[Records drawn from a dataset]:

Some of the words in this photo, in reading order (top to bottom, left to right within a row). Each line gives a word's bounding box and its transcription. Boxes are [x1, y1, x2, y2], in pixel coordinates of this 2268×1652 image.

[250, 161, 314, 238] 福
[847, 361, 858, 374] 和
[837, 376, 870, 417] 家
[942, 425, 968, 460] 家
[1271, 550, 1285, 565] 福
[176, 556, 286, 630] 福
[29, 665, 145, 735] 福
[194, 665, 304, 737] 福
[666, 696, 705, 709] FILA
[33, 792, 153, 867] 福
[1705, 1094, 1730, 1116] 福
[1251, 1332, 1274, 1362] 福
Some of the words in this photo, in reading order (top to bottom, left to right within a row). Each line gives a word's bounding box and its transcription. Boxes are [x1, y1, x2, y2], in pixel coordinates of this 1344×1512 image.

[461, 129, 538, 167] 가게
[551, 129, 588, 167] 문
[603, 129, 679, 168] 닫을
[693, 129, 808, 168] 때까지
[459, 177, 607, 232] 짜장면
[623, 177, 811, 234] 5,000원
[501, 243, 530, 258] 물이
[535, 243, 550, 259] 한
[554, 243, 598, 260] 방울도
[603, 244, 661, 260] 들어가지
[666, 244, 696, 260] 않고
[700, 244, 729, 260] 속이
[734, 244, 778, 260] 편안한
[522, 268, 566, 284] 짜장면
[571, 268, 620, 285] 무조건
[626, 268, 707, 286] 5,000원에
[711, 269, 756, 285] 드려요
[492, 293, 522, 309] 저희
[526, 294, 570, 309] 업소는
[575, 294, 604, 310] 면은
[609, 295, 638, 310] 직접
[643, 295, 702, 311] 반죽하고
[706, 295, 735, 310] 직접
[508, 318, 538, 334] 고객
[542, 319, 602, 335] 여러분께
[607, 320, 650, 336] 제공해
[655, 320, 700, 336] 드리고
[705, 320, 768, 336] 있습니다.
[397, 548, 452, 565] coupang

[Directions]: Restate the data above word for word, omitting nothing.

[Exercise solution]:
Some of the words in this photo, in reading order (top to bottom, left to right within a row). Each line gives a word's bounding box and its transcription. Boxes are [x1, y1, x2, y2], in pixel coordinates of this 2268×1652 image.

[250, 161, 314, 238] 福
[847, 361, 858, 374] 和
[837, 376, 870, 417] 家
[942, 425, 968, 460] 家
[1271, 550, 1285, 565] 福
[176, 556, 286, 630] 福
[29, 665, 145, 735] 福
[194, 665, 304, 737] 福
[666, 696, 705, 709] FILA
[33, 792, 153, 867] 福
[1705, 1094, 1730, 1116] 福
[1251, 1332, 1274, 1362] 福
Some of the words in this photo, in reading order (top to bottom, left to right within a row). Each line gives a word's bounding box and its transcription. Boxes are [x1, y1, x2, y2], in pixel coordinates of this 1344×1512 image.

[461, 129, 538, 167] 가게
[551, 129, 588, 167] 문
[603, 129, 679, 168] 닫을
[693, 129, 808, 168] 때까지
[459, 177, 607, 232] 짜장면
[623, 177, 811, 234] 5,000원
[501, 243, 530, 258] 물이
[535, 243, 550, 259] 한
[554, 243, 598, 260] 방울도
[603, 244, 661, 260] 들어가지
[666, 244, 696, 260] 않고
[700, 244, 729, 260] 속이
[734, 244, 778, 260] 편안한
[522, 268, 566, 284] 짜장면
[571, 268, 620, 285] 무조건
[626, 268, 707, 286] 5,000원에
[711, 269, 756, 285] 드려요
[492, 293, 522, 309] 저희
[526, 294, 570, 309] 업소는
[575, 294, 604, 310] 면은
[609, 295, 638, 310] 직접
[643, 295, 702, 311] 반죽하고
[706, 295, 735, 310] 직접
[508, 318, 538, 334] 고객
[542, 319, 602, 335] 여러분께
[607, 320, 650, 336] 제공해
[655, 320, 700, 336] 드리고
[705, 320, 768, 336] 있습니다.
[397, 548, 452, 565] coupang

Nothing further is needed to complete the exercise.